Social protection in crisis contexts constitutes a fundamental pillar to alleviate the gravest socioeconomic consequences such as loss of income and rapid inflation. However, the ongoing crisis in Lebanon exposed the shortcomings of the existing social protection system and its inherited inability to cushion the Lebanese from severe economic shocks at the time when they most needed it. Building on the stories and experiences of four retired individuals in the military forces and public sector, this paper explores the limitations of the existing social insurance and pension schemes and questions their realities in light of the multiple and overlapping crises Lebanon is currently facing.
Upon retirement, Adnan, a 68-year-old retired soldier, shifted his career to agriculture in the small town of Hasbaya in the Nabatieh Governorate bordering Syria, the place where he was born and raised. After he retired from the Lebanese Armed Forces at the age of 55, Adnan received a monthly pension that was enough to sustain a financially comfortable life before the crisis of 2019. Today, he mainly harvests olive trees and grows fruits and vegetables to sell. “My olive trees have been my main source of seasonal income yearly since the 2019 crisis.”
Adnan humbly identifies as a farmer and speaks of his olive trees with pride, as the olive harvest season has been a generational family tradition that is close to his heart. However, rather than just being an activity that brings joyful memories, it is now also necessary labor for Adnan to secure income while Lebanon faces one of the worst economic crises in history, accompanied by a sharp devaluation of the Lebanese pound.
As of 1997, the Lebanese pound has been pegged to the US dollar rate of LBP 1,507.5, but as the economic crisis began to unfold in 2019, the pound’s value began to take a sharp plunge. Since then, the national currency has lost over 90 percent of its value, eroding the purchasing power of hundreds of thousands of households, including public sector personnel whose salaries are denominated in LBP. As of August 2022, the Lebanese pound surpassed LBP 33,000 for every US dollar in the parallel market and continued to fuel inflation to unprecedented triple digits records. Consequently, Adnan’s pension has lost most of its value, which will increasingly prevent him from covering his household’s basic needs.

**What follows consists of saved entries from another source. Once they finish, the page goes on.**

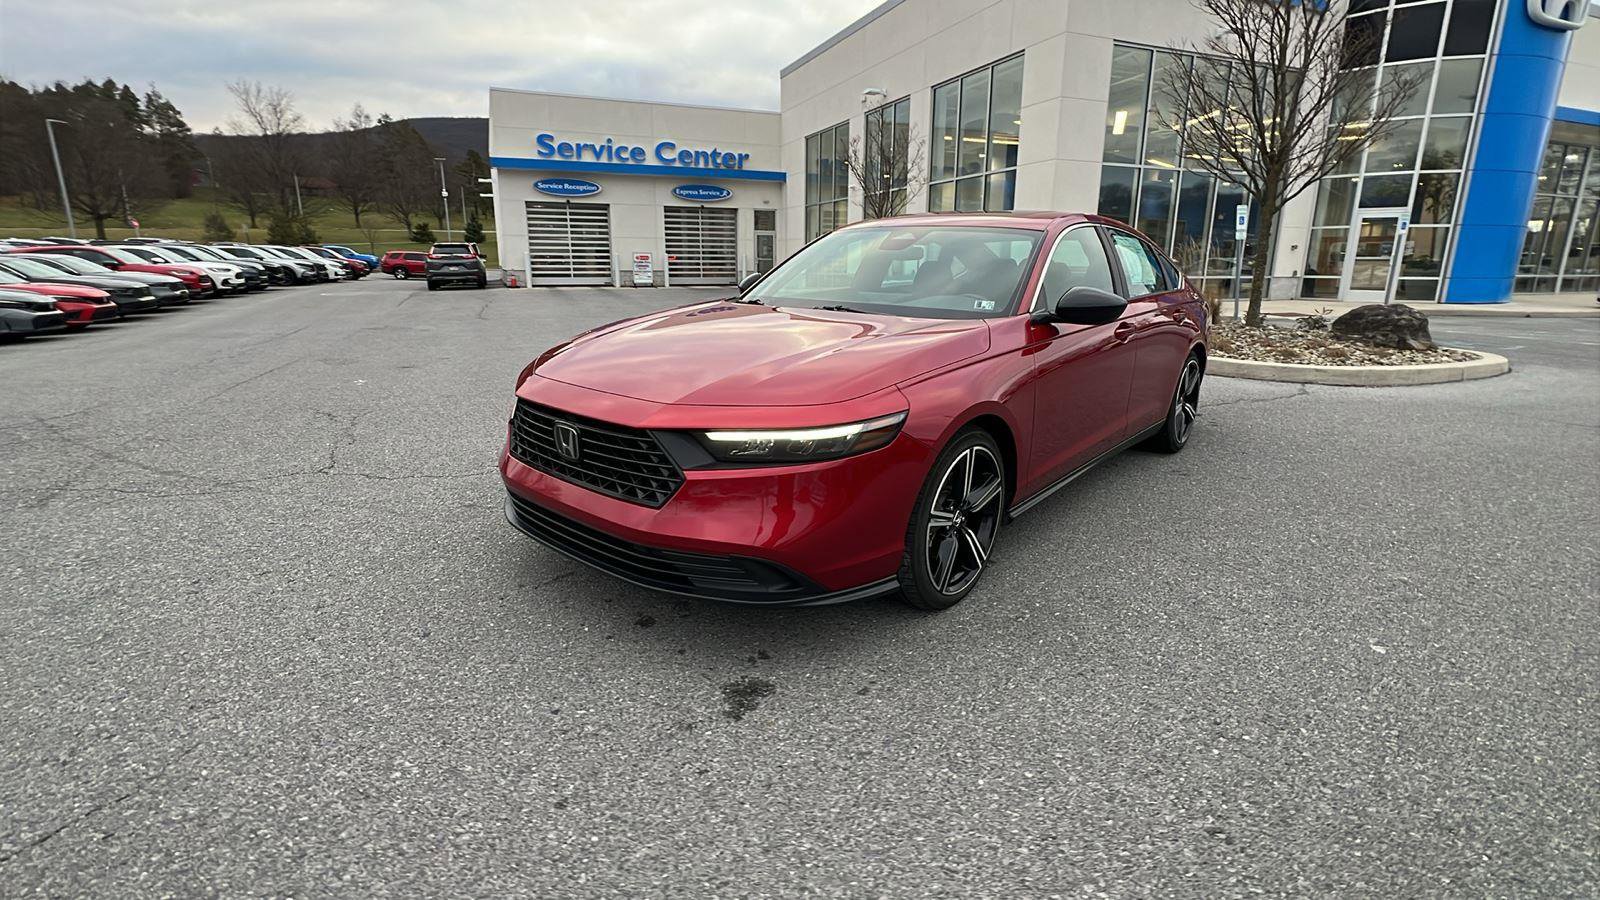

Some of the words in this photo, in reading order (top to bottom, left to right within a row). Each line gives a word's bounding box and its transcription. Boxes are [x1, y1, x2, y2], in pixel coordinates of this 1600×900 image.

[536, 133, 646, 162] Service
[655, 141, 750, 169] Center
[537, 182, 563, 190] Service
[564, 183, 598, 192] Reception
[675, 188, 698, 196] Express

Fixed at the amount of LBP 1,5 million per month, his pension, which was worth USD 1000 USD before the crisis, has now decreased to USD 50 USD at the black-market rate: “My pension is now barely enough to cover some grocery expenses. Thus, I had to resort to farming as a way to secure our basic needs.” It is known that the military has its own pension scheme, which is more generous than those of civil servants (Abdo, 2014), with an accrual benefit rate of 2.66 percent compared to 2.13 percent for civil servants (Rached, 2012). Indeed, Adnan confirms that before the crisis, his salary was enough to secure the basic needs of his household as well as to enjoy some luxuries. “I never asked anyone for any form of help, but the crisis has forced me to ask my children to support me.”

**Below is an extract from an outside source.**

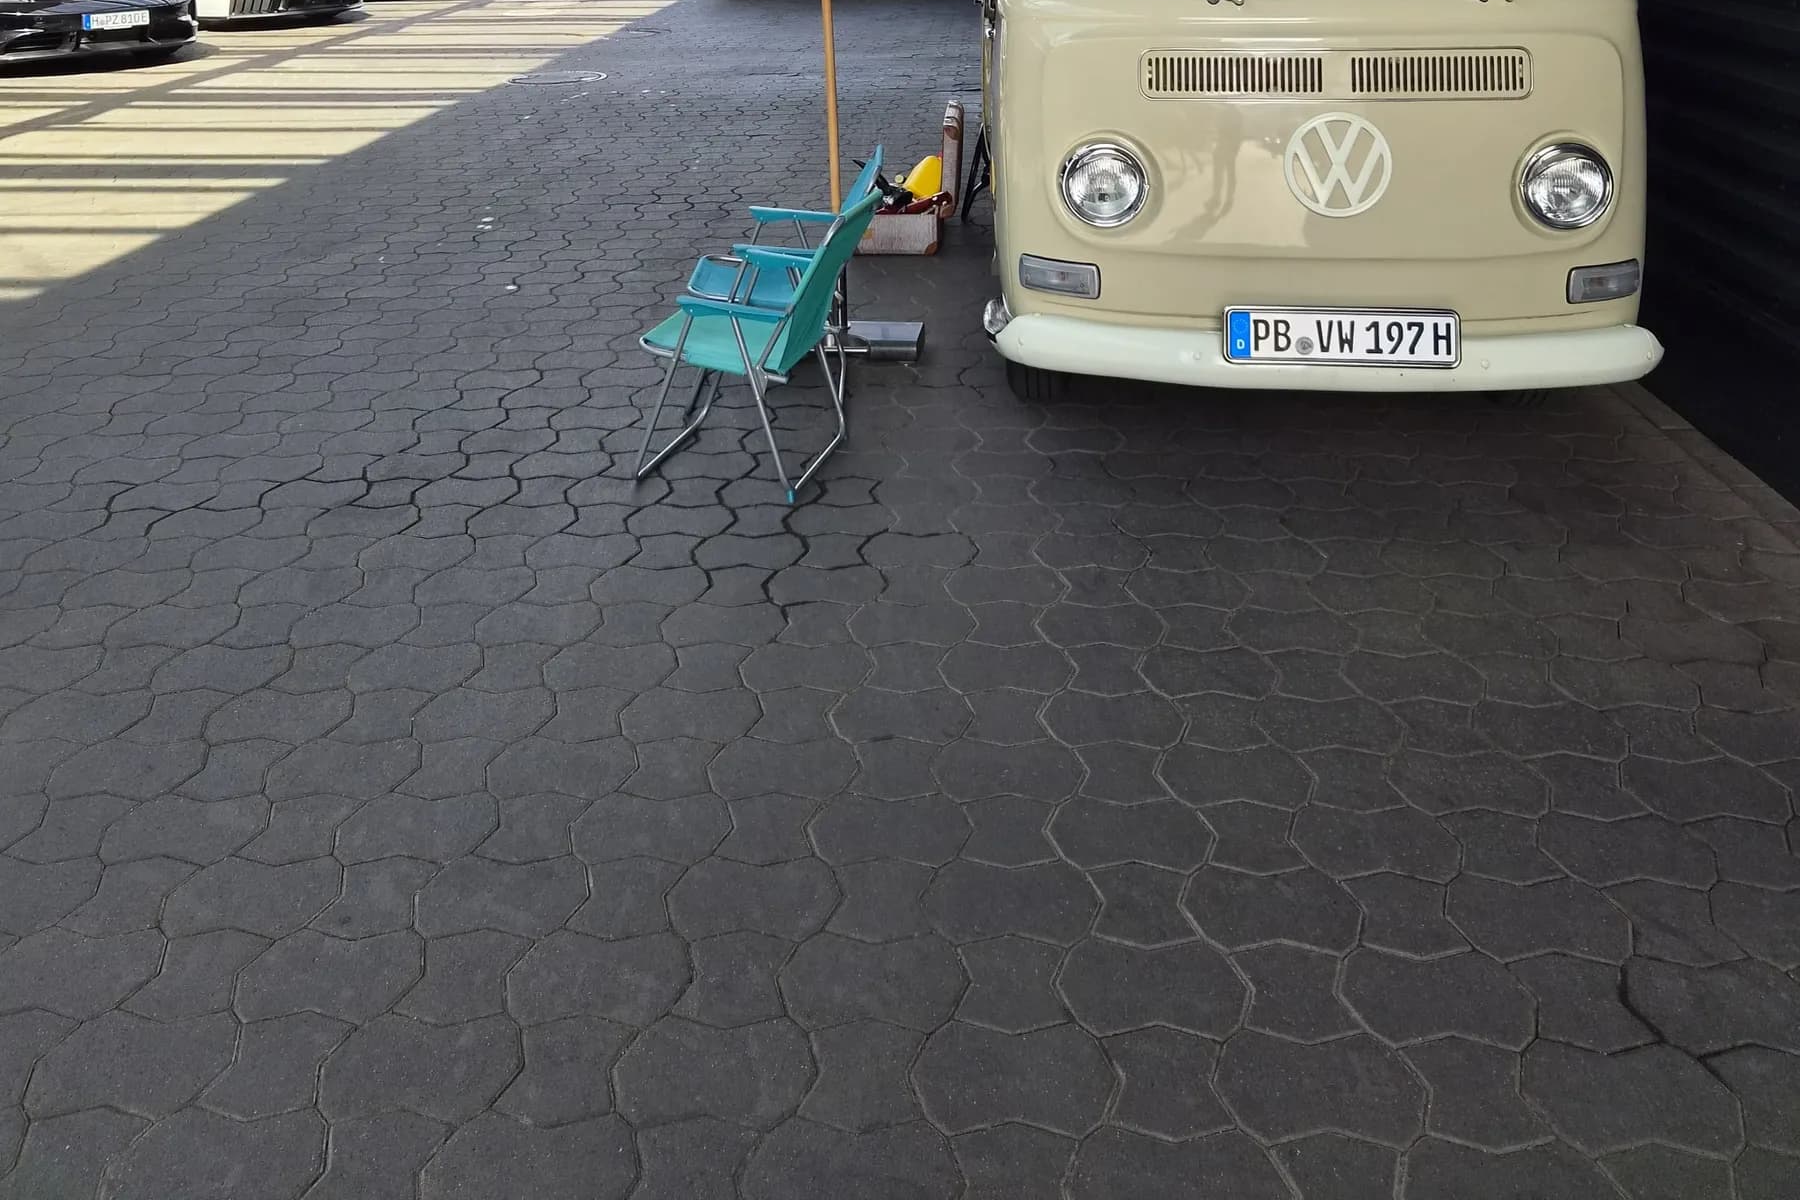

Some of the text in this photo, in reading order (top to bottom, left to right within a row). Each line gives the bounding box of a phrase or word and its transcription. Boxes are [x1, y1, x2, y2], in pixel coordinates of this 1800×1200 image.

[92, 16, 99, 25] H
[105, 14, 119, 25] PZ
[1253, 319, 1291, 352] PB
[1315, 320, 1355, 354] VW

A 2014 study shows that the aging population in Lebanon is replacing the younger population as the main economic dependents in households (Sibai, 2004), especially in the absence of sustainable public welfare provisions. Although more protective than private sector social security schemes, soldiers’ and public employees’ social security has proven unable to mitigate the burdens of the crisis. This has forced them to activate solidarity networks or to resort to resilience strategies mostly based on side jobs. Adnan’s daughter sends him money from abroad and his son in Lebanon helps him cover the cost of fuel. Remittances sent by Lebanese emigrants to their elderly parents in Lebanon have been a primary source of income for many households. “Like other retired army personnel, I know, we have children abroad who are sending us money. Before the crisis, we did not ask for help, but now our salaries are not worth a lot.”
He benefits from free healthcare coverage, which also extends to dependent family members, but the crisis has created enormous pressure on the army’s institutions, creating some barriers to receiving adequate healthcare. Before the crisis, the army used to secure all needed medications, especially for hypertension and diabetes. However, the shortage in medication supplies in 2021 and onwards has forced army personnel to buy medications using their private funds (Médecins Sans Frontières, 2021). A lot of pressure has also been placed on the army’s hospital, especially since many doctors left the country to find better jobs abroad. Even though it is possible to receive free consultations from doctors, the process has been taking longer than usual.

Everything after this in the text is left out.